El mundo occidental siempre ha querido poner enfrente el mito (μῦθος) y la razón (λόγος), así como con historia. Pero los límites siempre han sido borrosos. “El paso del mito al logos”, del que los griegos fueron protagonistas, es la expresión con la que se hace referencia al origen de la filosofía como superación de las formas míticas y religiosas de pensamiento y al advenimiento de un pensamiento racional que incluye tanto la filosofía como la ciencia.

Además, aunque el concepto de mito se ha mantenido, el vocablo ha variado su sentido. Ya en el mundo griego había diversas formas de acercarse al mito (según el autor que lo plasme), pero más varió su sentido en época cristiana en que pasó a ser sinónimo de anatema por lo que el término casi desaparece a favor de los de leyenda y cuento (lo que pudo influir en la confusión actual). Actualmente se ha invertido el uso de la palabra hasta el punto de que cualquier cota alcanzada por el hombre es calificada de mítica.
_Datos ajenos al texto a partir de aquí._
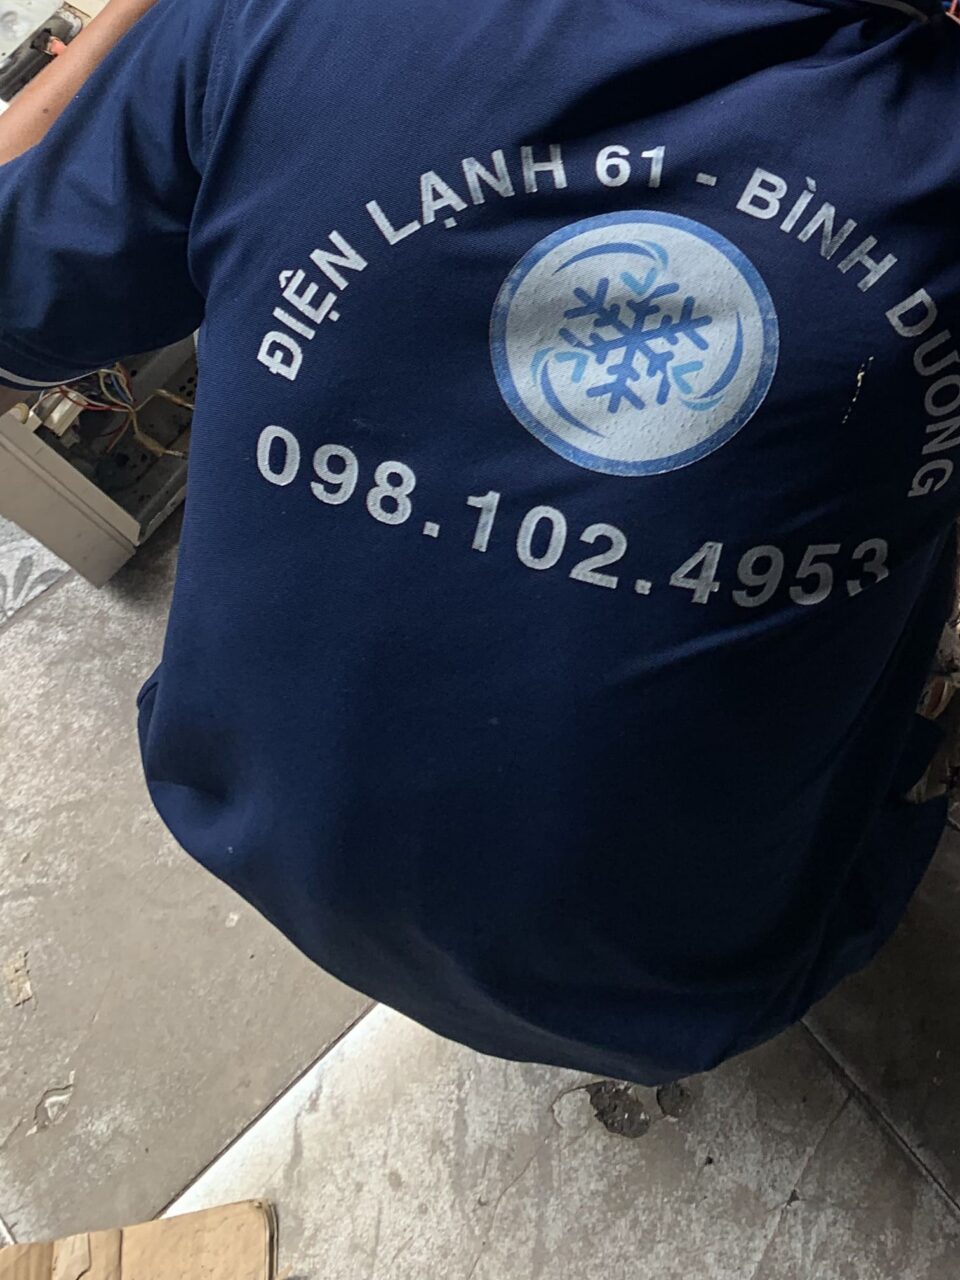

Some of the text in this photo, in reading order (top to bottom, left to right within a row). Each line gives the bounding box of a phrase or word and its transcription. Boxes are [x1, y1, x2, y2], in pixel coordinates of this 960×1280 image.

[256, 229, 368, 382] ĐIỆN
[364, 144, 569, 246] LẠNH
[589, 144, 667, 188] 61
[735, 166, 899, 293] BÌNH
[255, 424, 890, 608] 098.102.4953
Finalmente hay que decir que los griegos no sólo crearon una mitología, sino que inventaron la mitología en el sentido de "ciencia de los mitos", en cuyo estudio es fundamental el momento de la interpretación. Son múltiples los modelos interpretativos, aunque los más extendidos son:

_ El método alegórico, surgido en el s. VI a.C. con Teágenes de Regio, quien supone que tras la exposición literal de los mitos se esconde un sentido moral que se descubre con ayuda de la homonimia y la metáfora.
_ El método evemerista, surgido en el s. IV a.C. con Evemero de Mesene, quien considera que tras los dioses como supuestas entidades reales, se esconde un antiguo rey elevado a la categoría divina por sus hazañas y cualidades.